In that moment, he realized the truth. They had never loved him. Not a single one of them. The Twisted Sisters had chosen each other, and always would. Quin’s thoughts darkened as he watched them sail toward Pembuk, the glass kingdom to the west. They had betrayed him and left him for dead, thinking him too weak to survive. He wanted to burn them for it. He wanted to burn anyone—everyone—who had ever thought him weak.

And now, finally, he could.

“I beg you,” pleaded the prisoner, jolting Quin from his thoughts. “I beg you to have mercy.”

Mercy. In the old language, the word meant “reward.”

Through the prickly swyn branches, Quin scrutinized the man’s gaunt, pale face. Brown stubble cut a sharp contrast against his sallow cheeks. Strong chin. Bloodshot blue eyes.

Quin knew the face well. They were, after all, cousins.

He thought of another copse of trees, where he had discovered Tristan on top of Karri, attempting rape. It felt like a dozen years ago, and yesterday. Half feral with rage, Quin had barreled into his cousin to save his sister—perhaps the one true courageous act of his life.

Now he tapped his fingertips together, watching the thin red flame begin to flicker.. His aim had gotten quite good.

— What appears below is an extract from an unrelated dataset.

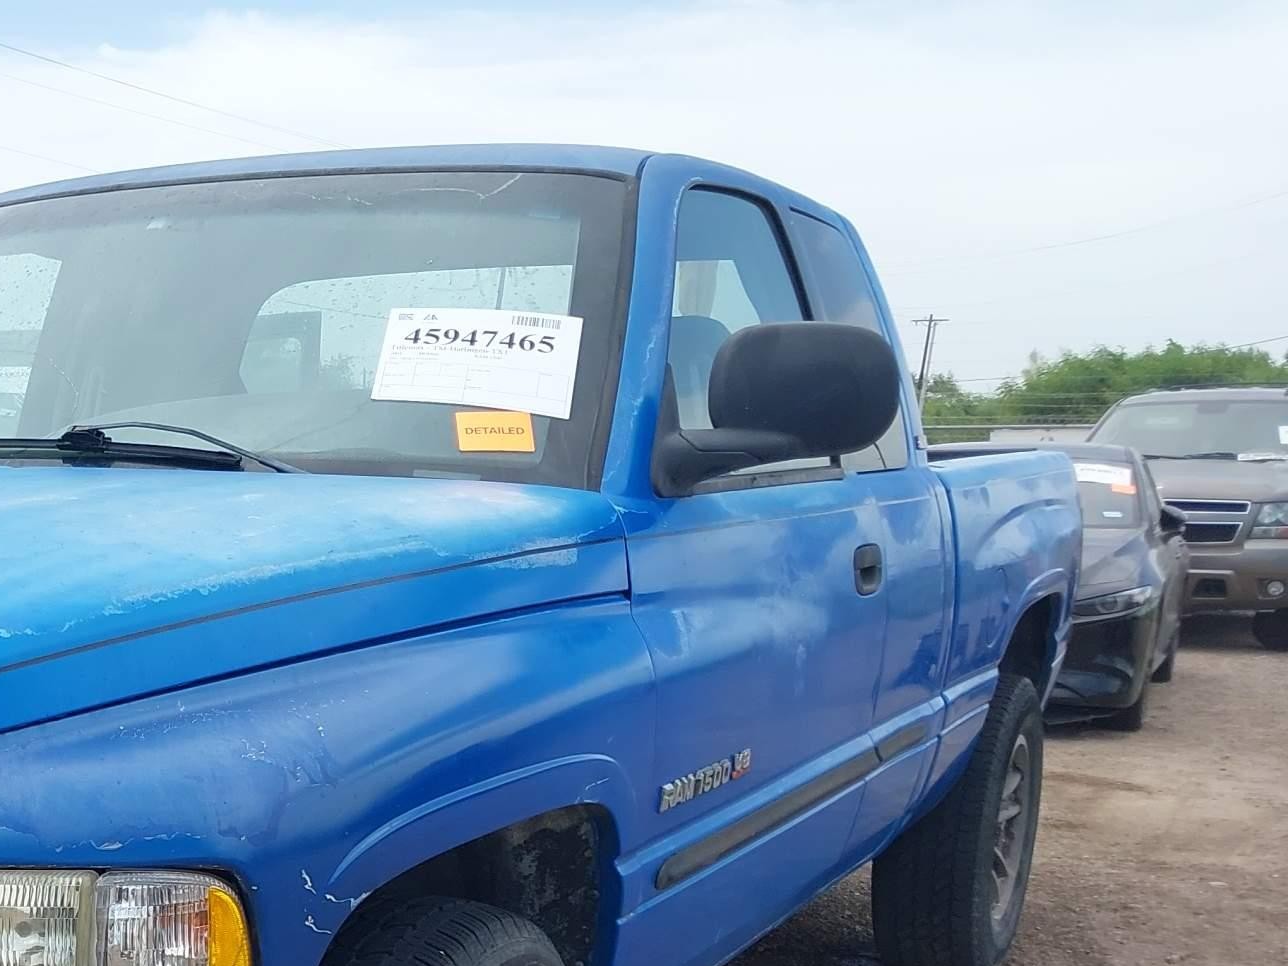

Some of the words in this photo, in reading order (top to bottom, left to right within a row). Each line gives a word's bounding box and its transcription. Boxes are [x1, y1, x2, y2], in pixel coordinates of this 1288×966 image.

[404, 327, 556, 354] 45947465
[464, 426, 525, 435] DETAILED
[660, 773, 694, 813] RAM
[695, 758, 731, 795] 1500

Since leaving Luumia he had killed three creatures with a spike of fire straight to the throat. With the rabbit he’d felt a pang of guilt. With the ermine the pang had been smaller. Smaller still with the cwningen. Quin had cured the meat himself.

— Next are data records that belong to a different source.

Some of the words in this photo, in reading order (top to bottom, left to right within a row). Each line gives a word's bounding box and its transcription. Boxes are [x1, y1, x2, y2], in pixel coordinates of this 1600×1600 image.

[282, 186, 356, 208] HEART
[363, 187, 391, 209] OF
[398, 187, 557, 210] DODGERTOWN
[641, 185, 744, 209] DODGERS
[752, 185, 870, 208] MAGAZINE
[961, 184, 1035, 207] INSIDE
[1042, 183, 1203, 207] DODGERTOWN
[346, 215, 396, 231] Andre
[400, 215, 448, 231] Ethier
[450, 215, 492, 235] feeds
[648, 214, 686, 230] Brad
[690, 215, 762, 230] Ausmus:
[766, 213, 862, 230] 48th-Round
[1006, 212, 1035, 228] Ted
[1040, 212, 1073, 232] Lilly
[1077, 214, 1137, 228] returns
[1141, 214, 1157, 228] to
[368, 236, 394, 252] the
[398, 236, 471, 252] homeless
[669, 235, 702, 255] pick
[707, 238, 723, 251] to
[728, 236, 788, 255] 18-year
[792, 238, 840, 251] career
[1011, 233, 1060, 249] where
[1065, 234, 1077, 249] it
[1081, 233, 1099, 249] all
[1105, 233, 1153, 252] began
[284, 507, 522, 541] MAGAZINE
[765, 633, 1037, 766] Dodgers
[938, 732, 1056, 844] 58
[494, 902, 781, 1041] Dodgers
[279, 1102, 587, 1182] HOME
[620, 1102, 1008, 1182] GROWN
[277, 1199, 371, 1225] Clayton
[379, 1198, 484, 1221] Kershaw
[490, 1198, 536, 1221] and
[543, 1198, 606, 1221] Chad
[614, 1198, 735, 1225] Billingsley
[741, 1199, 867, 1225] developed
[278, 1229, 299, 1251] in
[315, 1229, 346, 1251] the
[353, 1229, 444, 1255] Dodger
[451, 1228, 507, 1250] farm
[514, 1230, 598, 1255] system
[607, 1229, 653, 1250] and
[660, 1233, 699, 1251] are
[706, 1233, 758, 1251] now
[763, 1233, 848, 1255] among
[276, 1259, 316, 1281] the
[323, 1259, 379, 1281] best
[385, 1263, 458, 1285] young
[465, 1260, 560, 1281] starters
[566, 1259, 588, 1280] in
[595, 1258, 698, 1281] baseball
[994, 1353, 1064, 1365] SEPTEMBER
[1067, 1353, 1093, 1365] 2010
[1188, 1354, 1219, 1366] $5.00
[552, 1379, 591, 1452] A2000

His cousin would be his biggest game yet. Not that Quin had any plans to eat him. Tristan’s death was its own reward.

Quin stepped into the clearing.

“Hello, Cousin,” he said.

Tristan’s face brightened for only a moment before twisting into fear.

“Qu-Quin,” he stammered, clearly wishing his would-be rescuer were someone—anyone—else.

The mare nickered, whisking the flies with her tail. She was growing restless.

“Please,” Tristan whispered. “If she runs, it won’t even break my neck. I’ll strangle.”

Quin had always had a way with animals. He could calm them easily with a gentle touch, a soft word.

He gave neither.

“Say something, won’t you?” Tristan begged.

Quin thought of all the things he could say. A passionate monologue regarding the depravity of his cousin’s soul, delivered to a captive audience hanging (literally!) on his every word. Quin had a gift for the pretending arts. As a boy he’d written, directed, and performed whole plays. Occasionally one or two of the cooks would make the trek from the castle kitchens to see the production, but more often than not, he was his own audience, alone on the stage.

What good had words done him? They had no power. They reeked of frailty, a lonely player hiding behind a soliloquy. Empty gestures spoken to an empty room.

“Goodbye, Cousin,” he said, and lifted his hands.

He could aim for the chest, cut a blade of fire into Tristan’s heart and kill him instantly. But Quin didn’t want instant. He wanted his cousin’s feet to slip. He wanted to watch the life gasp and gurgle out of him, this rapist to whom he was bound by blood.

The flame leapt from Quin’s hands. The scarlet arrow singed his palms as it shot toward Tristan’s ankles.

But at the last second, the fire arced upward, corkscrewing a ribbon of red sparks—and searing through the taut rope binding his cousin’s neck to the tree.

Tristan fell, landing sideways on the horse. He cried out in pain. Quin charged forward, but it was too late: the horse galloped into the forest, Tristan clinging desperately to her flanks.